**Requirement**
An exact copy of every entry is required, without the pictures.

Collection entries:

──────────

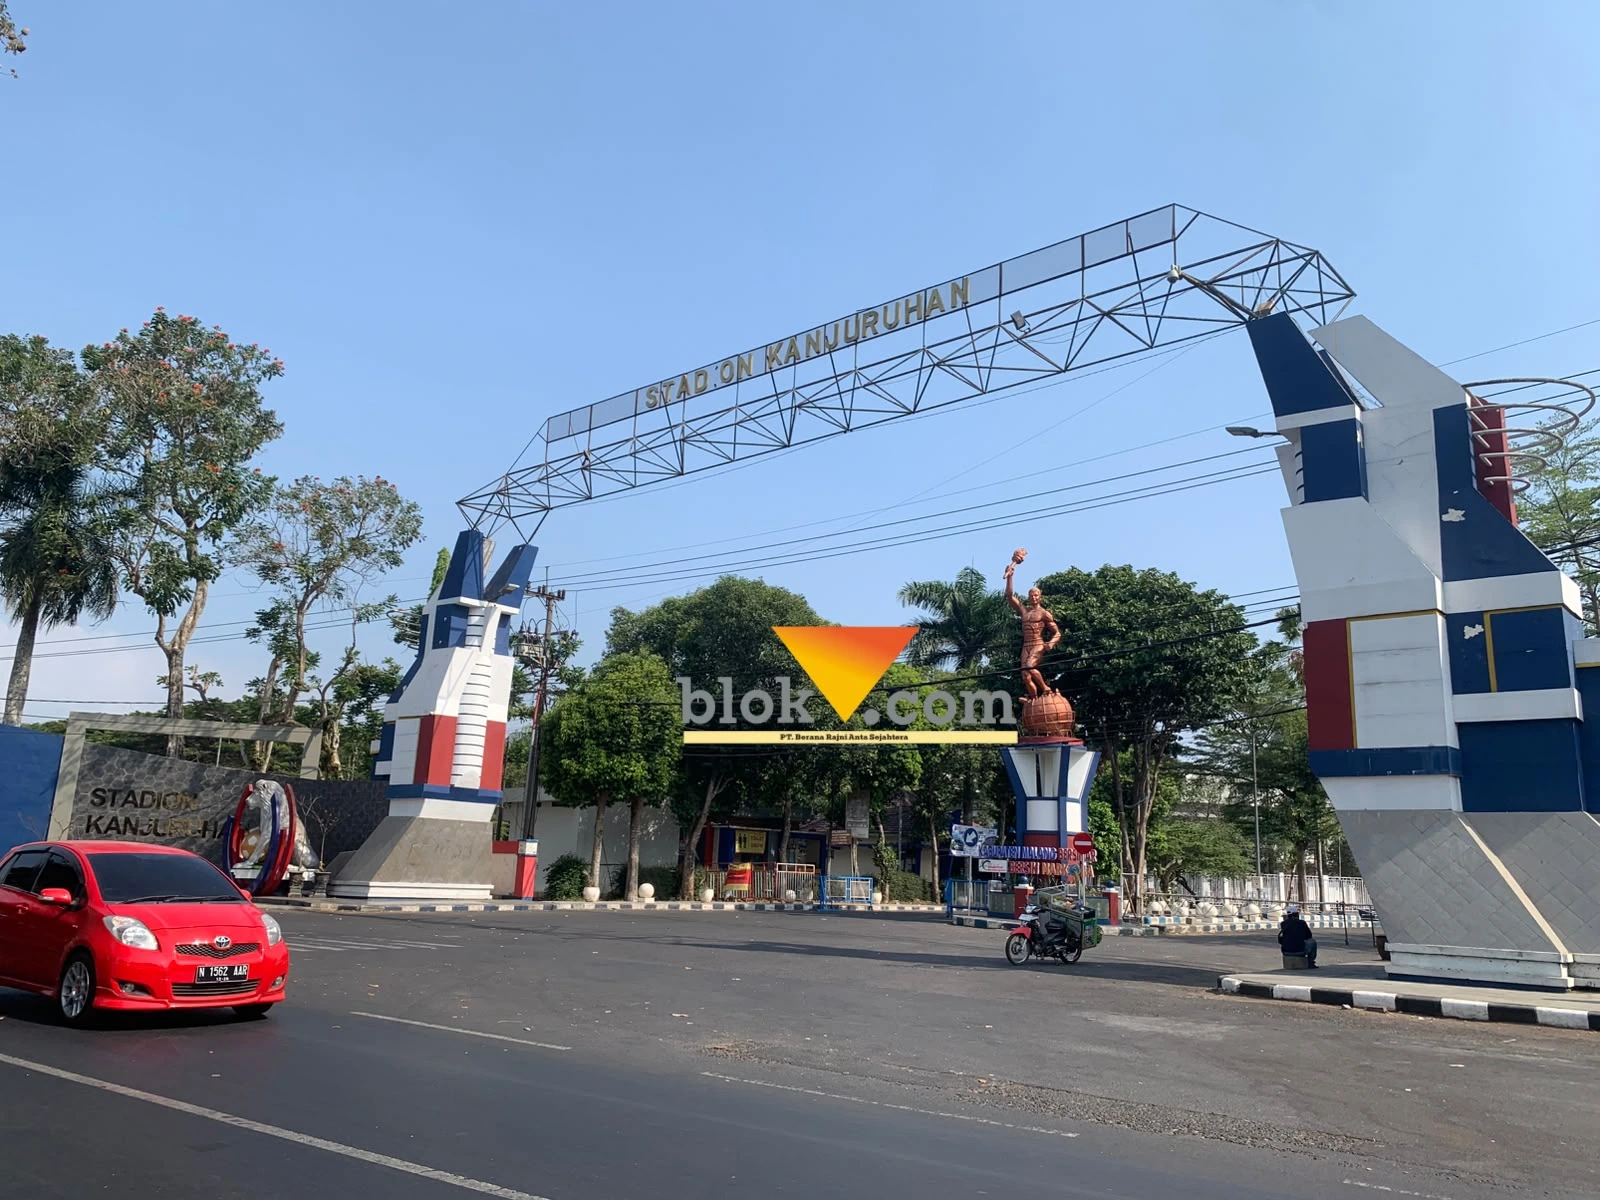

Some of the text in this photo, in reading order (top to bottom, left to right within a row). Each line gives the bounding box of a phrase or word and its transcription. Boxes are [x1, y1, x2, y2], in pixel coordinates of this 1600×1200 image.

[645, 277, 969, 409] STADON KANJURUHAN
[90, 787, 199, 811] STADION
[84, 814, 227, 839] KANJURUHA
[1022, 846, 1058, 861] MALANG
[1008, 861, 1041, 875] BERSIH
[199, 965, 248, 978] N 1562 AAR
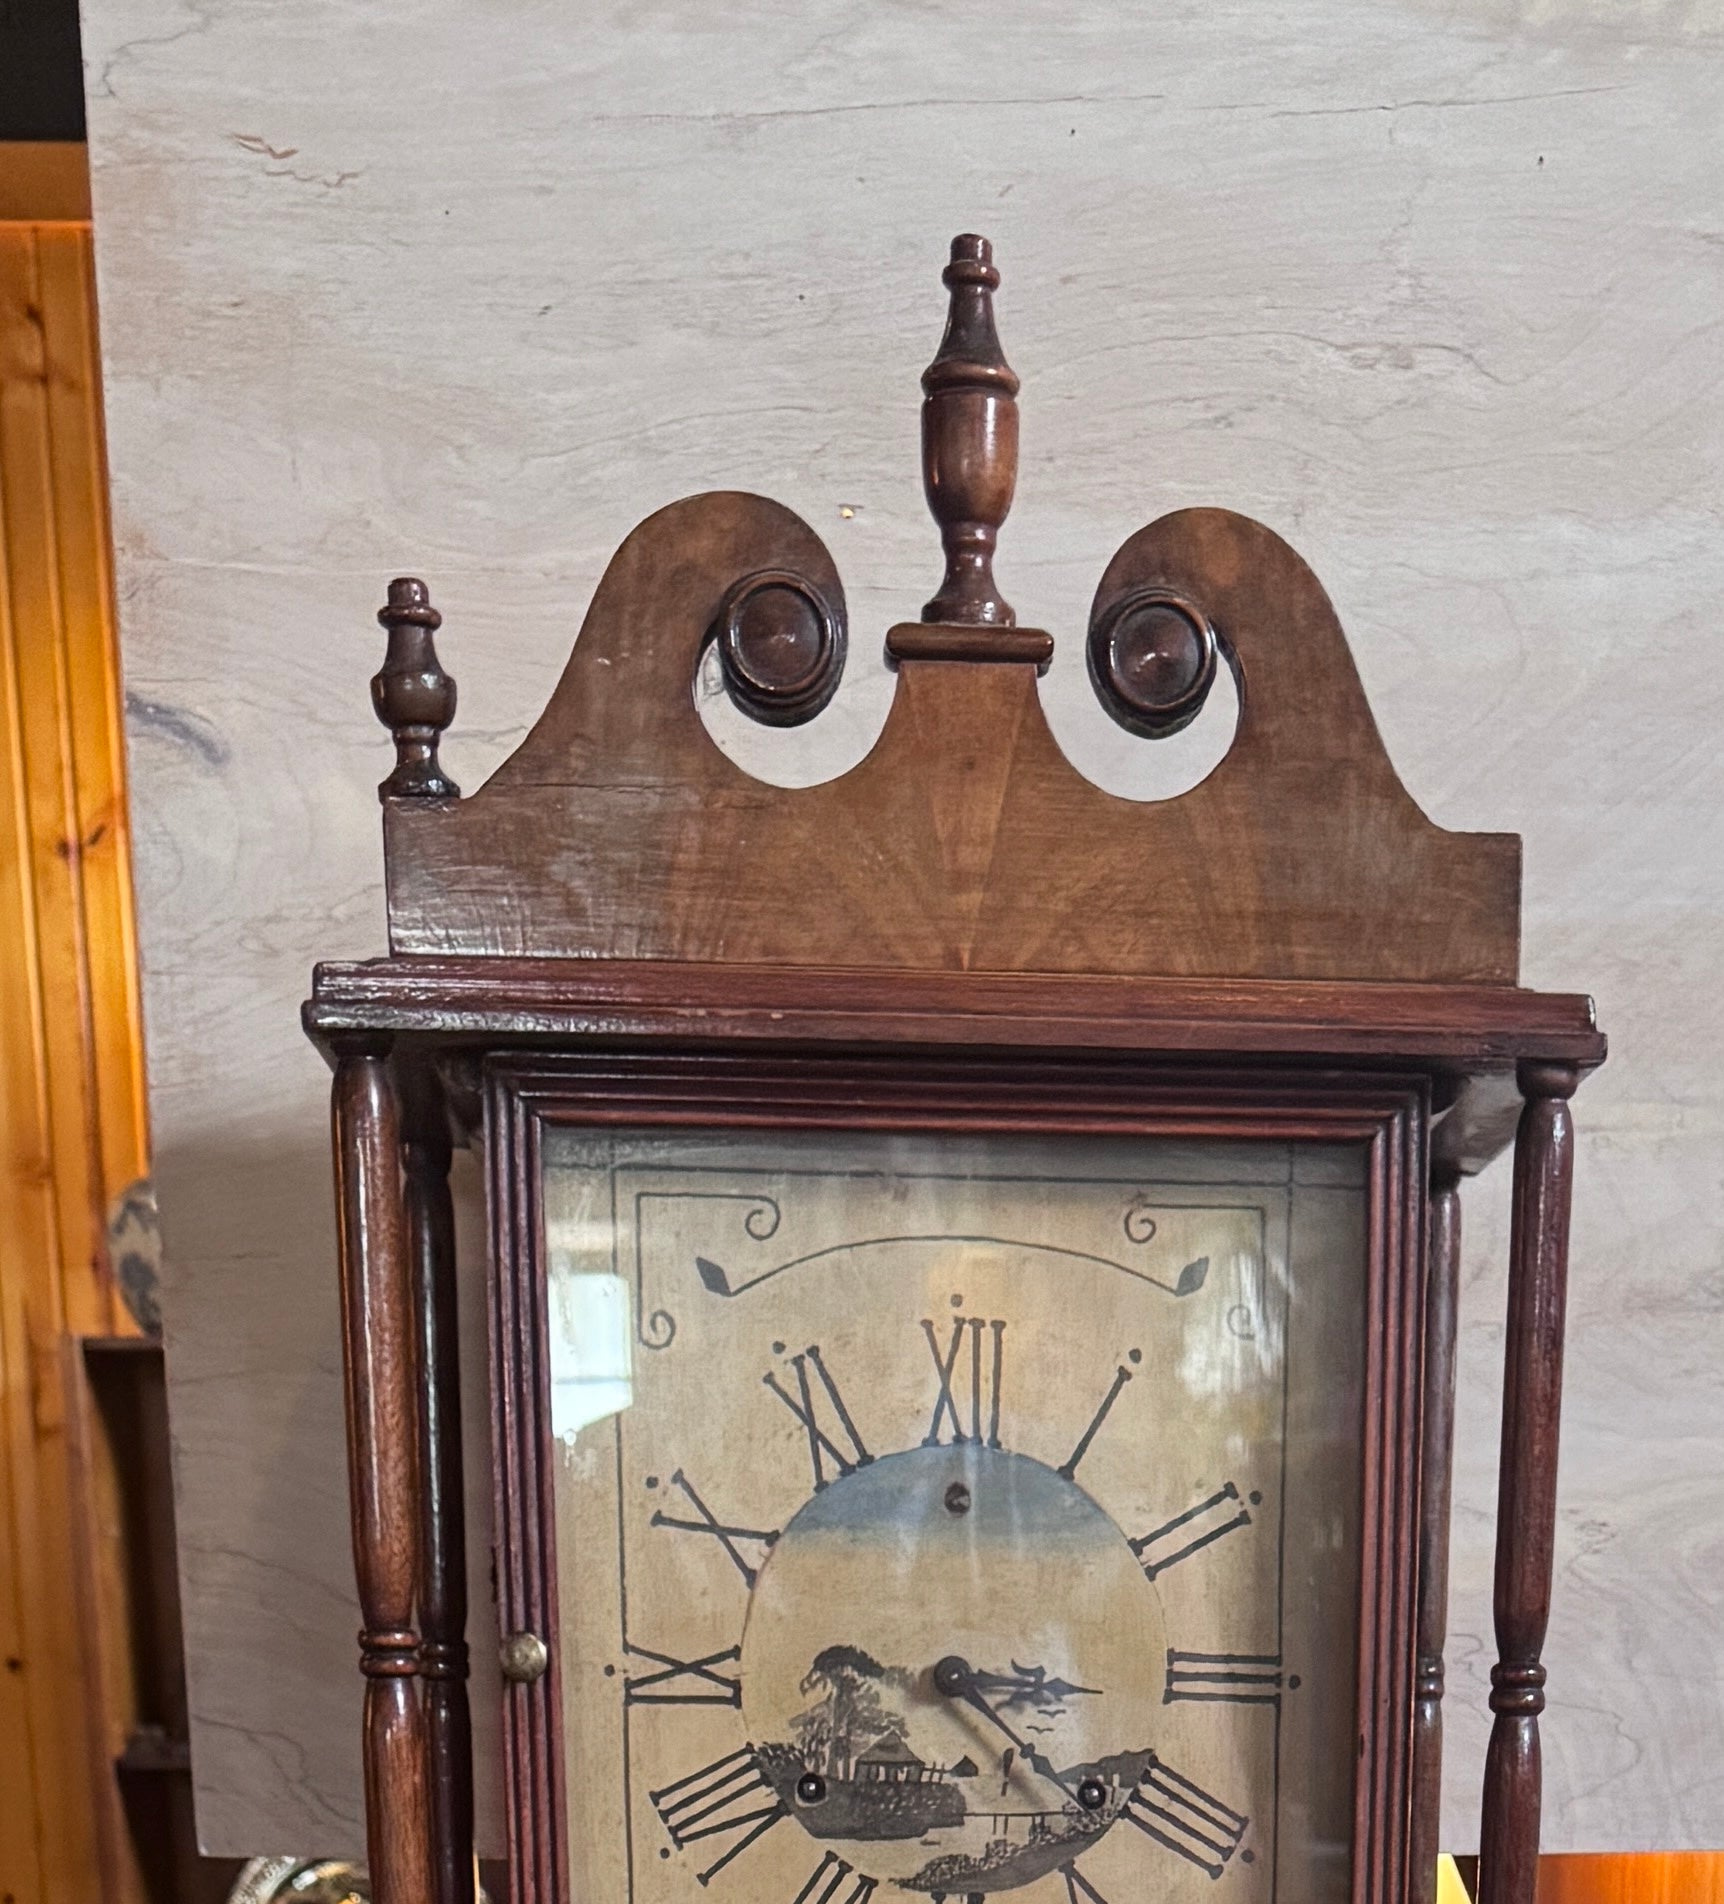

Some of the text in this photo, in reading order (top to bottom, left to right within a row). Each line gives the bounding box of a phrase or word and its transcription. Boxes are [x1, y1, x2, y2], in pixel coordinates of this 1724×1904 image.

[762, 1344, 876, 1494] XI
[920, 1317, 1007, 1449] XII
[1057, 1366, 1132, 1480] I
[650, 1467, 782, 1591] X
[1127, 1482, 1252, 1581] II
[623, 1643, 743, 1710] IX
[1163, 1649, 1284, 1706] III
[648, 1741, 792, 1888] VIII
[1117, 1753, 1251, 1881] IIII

──────────

**Expected answer**
Some of the text in this photo, in reading order (top to bottom, left to right within a row). Each line gives the bounding box of a phrase or word and its transcription. Boxes are [x1, y1, x2, y2], in pixel coordinates of this 1600×1200 image.

[645, 277, 969, 409] STADON KANJURUHAN
[90, 787, 199, 811] STADION
[84, 814, 227, 839] KANJURUHA
[1022, 846, 1058, 861] MALANG
[1008, 861, 1041, 875] BERSIH
[199, 965, 248, 978] N 1562 AAR

Some of the text in this photo, in reading order (top to bottom, left to right within a row). Each line gives the bounding box of a phrase or word and its transcription. Boxes are [x1, y1, x2, y2], in pixel coordinates of this 1724×1904 image.

[762, 1344, 876, 1494] XI
[920, 1317, 1007, 1449] XII
[1057, 1366, 1132, 1480] I
[650, 1467, 782, 1591] X
[1127, 1482, 1252, 1581] II
[623, 1643, 743, 1710] IX
[1163, 1649, 1284, 1706] III
[648, 1741, 792, 1888] VIII
[1117, 1753, 1251, 1881] IIII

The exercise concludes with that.